• **Work required**:
Produce a verbatim transcription of the entries, with all pictures omitted.

[Material for this task — start]

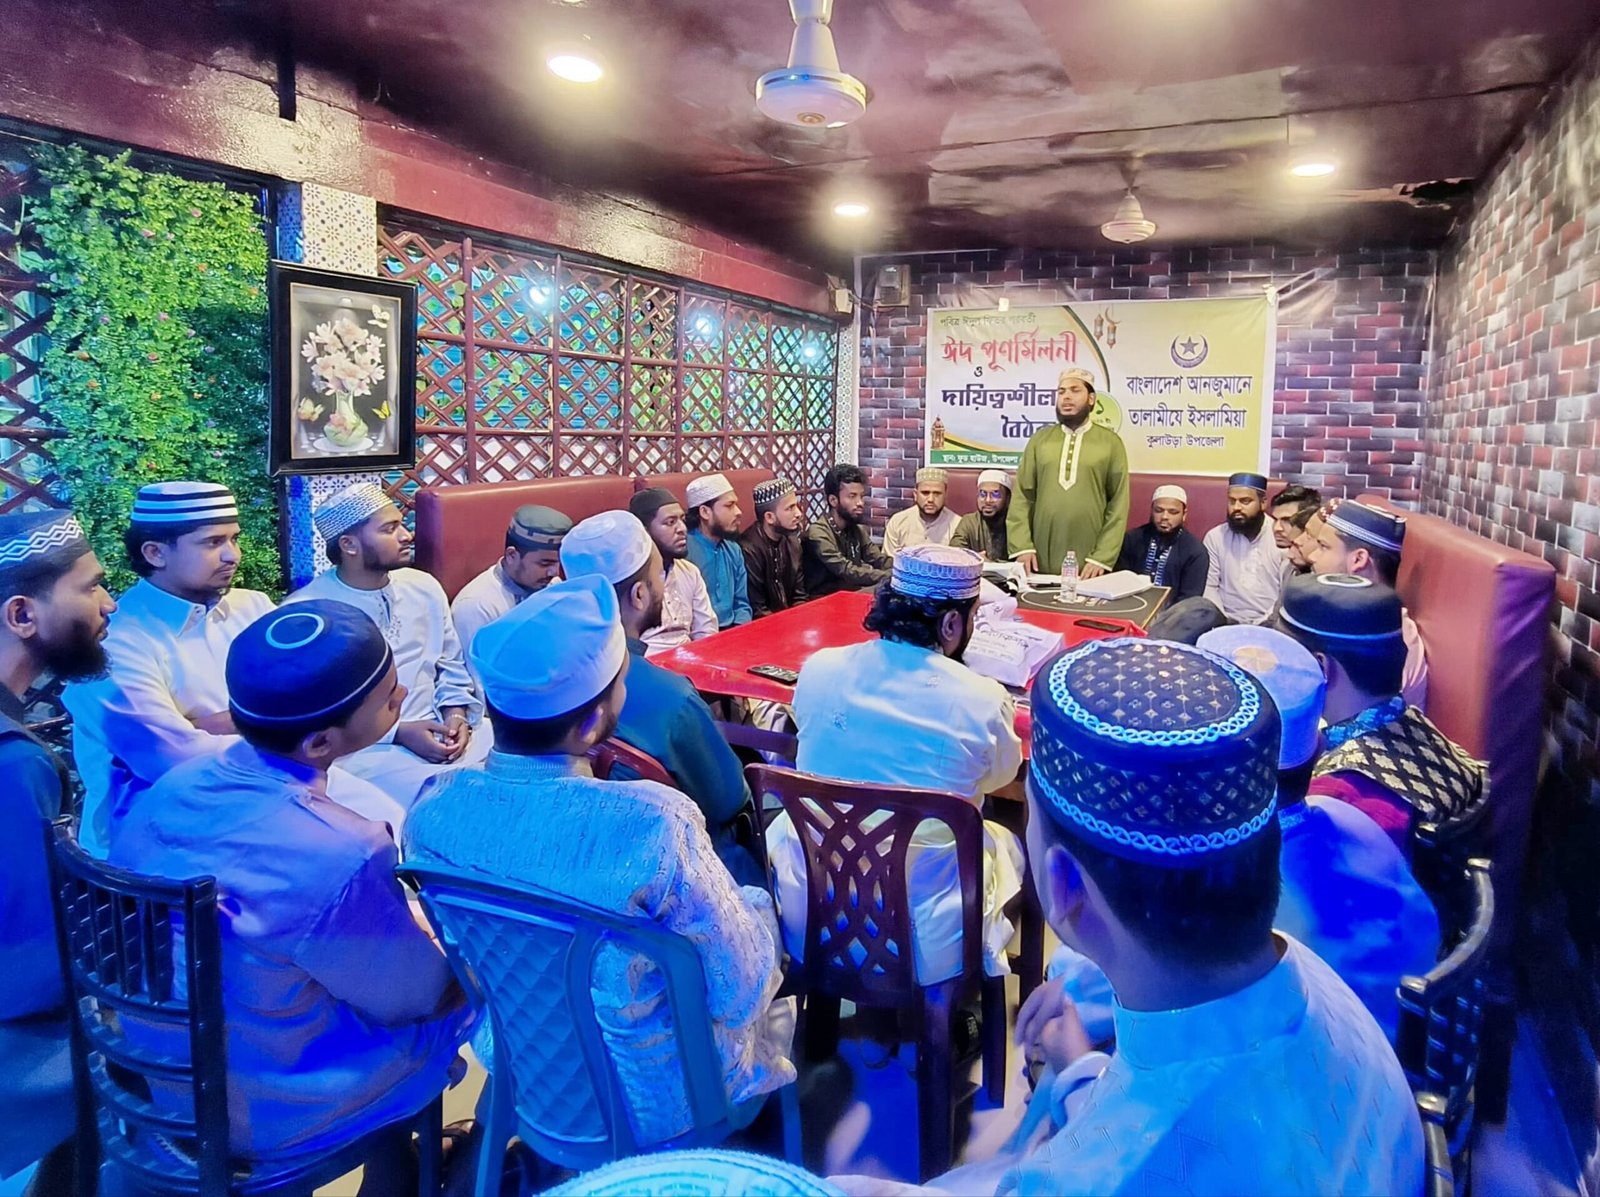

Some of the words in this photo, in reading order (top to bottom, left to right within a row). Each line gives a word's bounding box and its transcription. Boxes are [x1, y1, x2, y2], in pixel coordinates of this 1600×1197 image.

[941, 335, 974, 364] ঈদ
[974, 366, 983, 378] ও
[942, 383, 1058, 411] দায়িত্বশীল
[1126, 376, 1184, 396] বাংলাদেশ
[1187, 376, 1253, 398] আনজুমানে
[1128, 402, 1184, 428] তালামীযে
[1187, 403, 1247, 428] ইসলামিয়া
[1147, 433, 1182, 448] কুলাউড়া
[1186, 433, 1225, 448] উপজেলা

[Material for this task — finish]

• **Answer**:
Some of the words in this photo, in reading order (top to bottom, left to right within a row). Each line gives a word's bounding box and its transcription. Boxes are [x1, y1, x2, y2], in pixel coordinates of this 1600×1197 image.

[941, 335, 974, 364] ঈদ
[974, 366, 983, 378] ও
[942, 383, 1058, 411] দায়িত্বশীল
[1126, 376, 1184, 396] বাংলাদেশ
[1187, 376, 1253, 398] আনজুমানে
[1128, 402, 1184, 428] তালামীযে
[1187, 403, 1247, 428] ইসলামিয়া
[1147, 433, 1182, 448] কুলাউড়া
[1186, 433, 1225, 448] উপজেলা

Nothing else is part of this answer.